Key to this important work for 2016 and 2017 grantees is an understanding of the WIOA performance reporting process in the YouthBuild MIS. In addition to understanding these new reports and how to submit them, it is crucial that grantees also understand the performance indicators and plan program design and participant timelines for success.  Many resources and materials have been developed to support this complex area of work:

DOL YouthBuild WIOA Performance Indicators: 2016 and 2017 Grantees - This document is a cheat sheet that highlights the WIOA performance indicators, provides the definitions and context for the measures, and explains which are currently in use and which are still being implemented.

WIOA Report Templates and User Guide: The MIS Help Desk can provide grantees the most updated Median Earnings and Measurable Skill Gains report (ME+MSG) template, as well as a comprehensive user guide covering the ME+MSG and WIOA Supplemental reports. Email the MIS Help Desk at to get the latest materials. 
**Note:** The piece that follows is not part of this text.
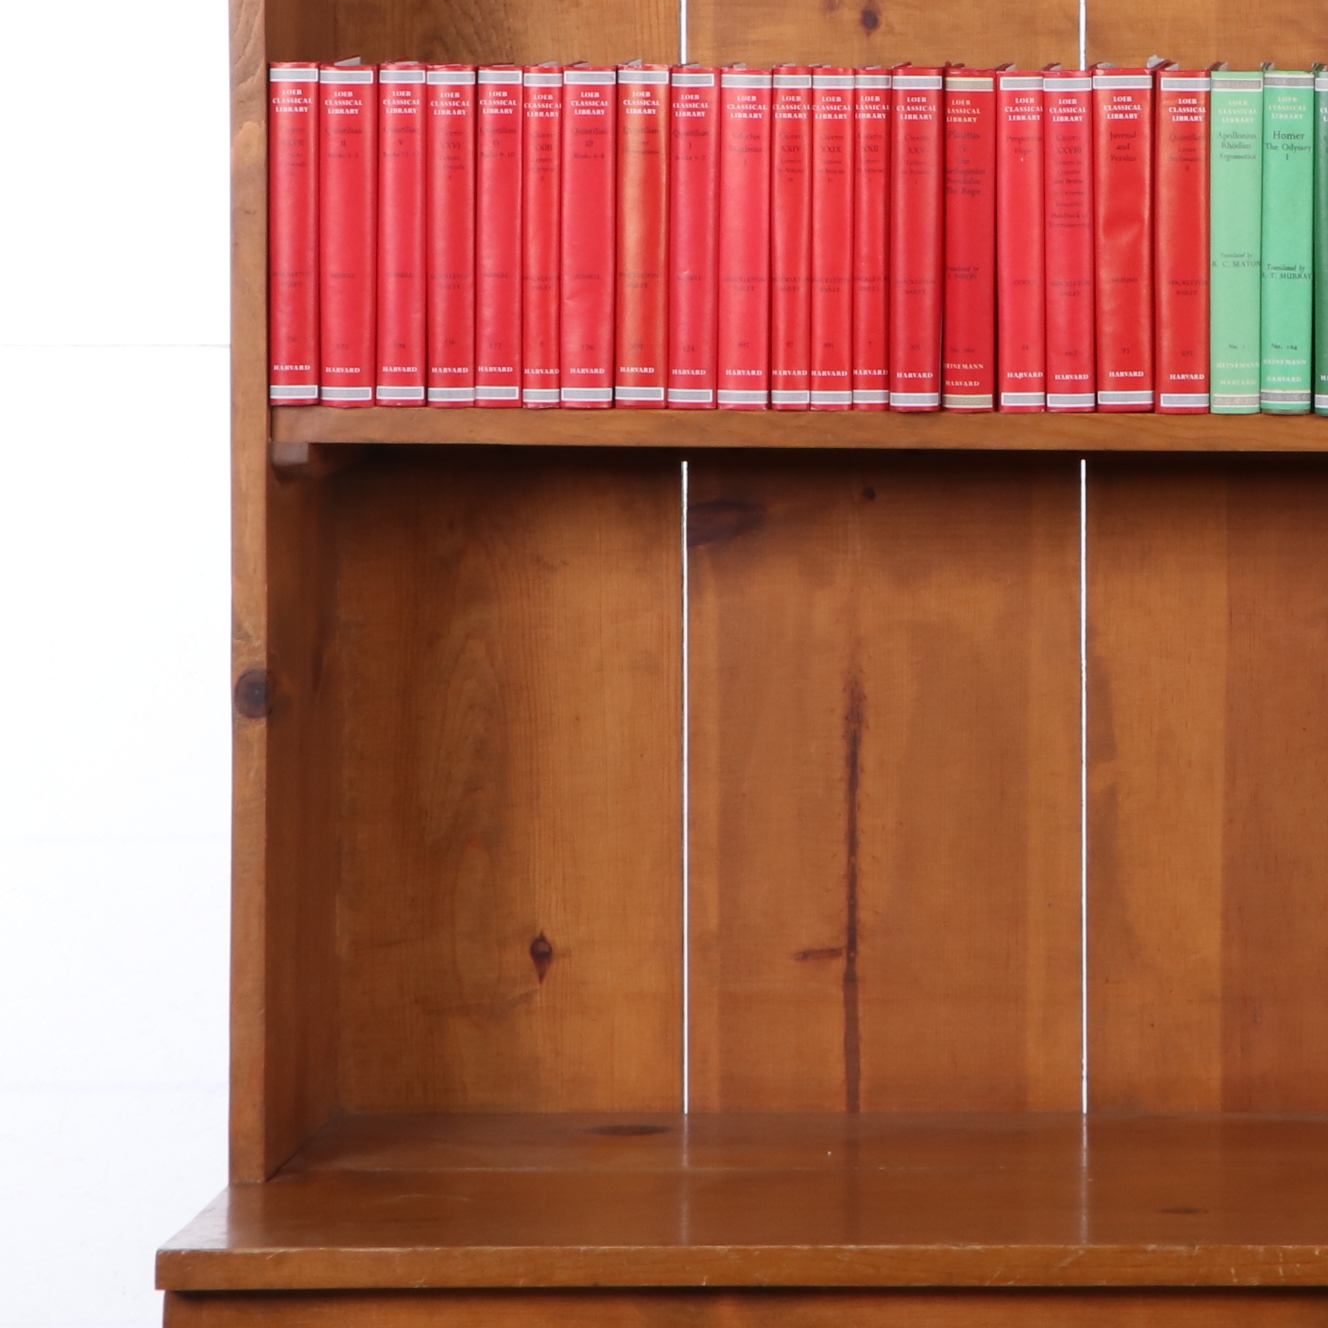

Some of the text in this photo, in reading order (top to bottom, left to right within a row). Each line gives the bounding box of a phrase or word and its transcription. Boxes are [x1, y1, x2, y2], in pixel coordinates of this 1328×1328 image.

TEGL 10-16, Change 1 and TEGL 26-16: These Training and Employment Guidance Letters provide important guidance related to WIOA reporting and the performance indicators reported on in the Median Earnings and Measurable Skill Gains report. Review the performance outcomes and guidance pages for each Measurable Skill and the Median Earnings below:

  • Measurable Skill Gain - EFL gains: See Page 19 of TEGL 10-16, Change 1
  • Measurable Skill Gain - HSE/HSD Attainment: See Page 19 of TEGL 10-16, Change 1
  • Measurable Skill Gain - Meeting State Unit's Academic Standards: See Page 20 of TEGL 10-16, Change 1
  • Measurable Skill Gain - Progress Towards Milestones: See Page 20 of TEGL 10-16, Change 1
  • Measurable Skill Gain - Trade Related Benchmarks: See Page 21 of TEGL 10-16, Change 1 (link below).
  • Median Earnings in Quarter 2 of the Follow-Up Period: TEGL 26-16 starting on page 7

WIOA Performance Indicators Summer E-Learning Series – DOL has released a series of 4 e-learning modules that relate to the WIOA performance indicators for credential attainment, measurable skill gains, employment rate for the second and fourth quarter, and median earnings.  These self-paced, narrated modules include definitions, detailed calculations, various real-life scenarios, knowledge checks with explanations, and related resources.

MIS Help Desk Services

In addition to phone and email support for general data entry questions, the MIS Help Desk offers trainings aimed at helping grantees understand the performance indicators, timing, and reporting processes reviewed in this newsletter. Trainings are offered weekly at the below times:

  • Data Entry Trainings are held Tuesdays at 2PM ET and Fridays 10AM ET
  • MIS Report Trainings are held Wednesdays 3PM ET

In addition to the regularly scheduled webinar trainings, there will be a special WIOA reports training on September 12th at 3pm ET. This training will review the new WIOA reporting processes, including building and submitting the reports, for DOL YouthBuild 2016 and 2017 grantees. Registration will go live soon and will be included in the September MIS Newsletter.  If you are not currently receiving the monthly MIS Newsletter and would like to, please reach out to the MIS Help Desk at the email below.

The MIS Help Desk also offers comprehensive data reviews for individual programs. During these reviews, we will examine your program's reports, review measures, and investigate errors or problem areas. Data reviews can also address any other concerns you have about data entry or effective data management.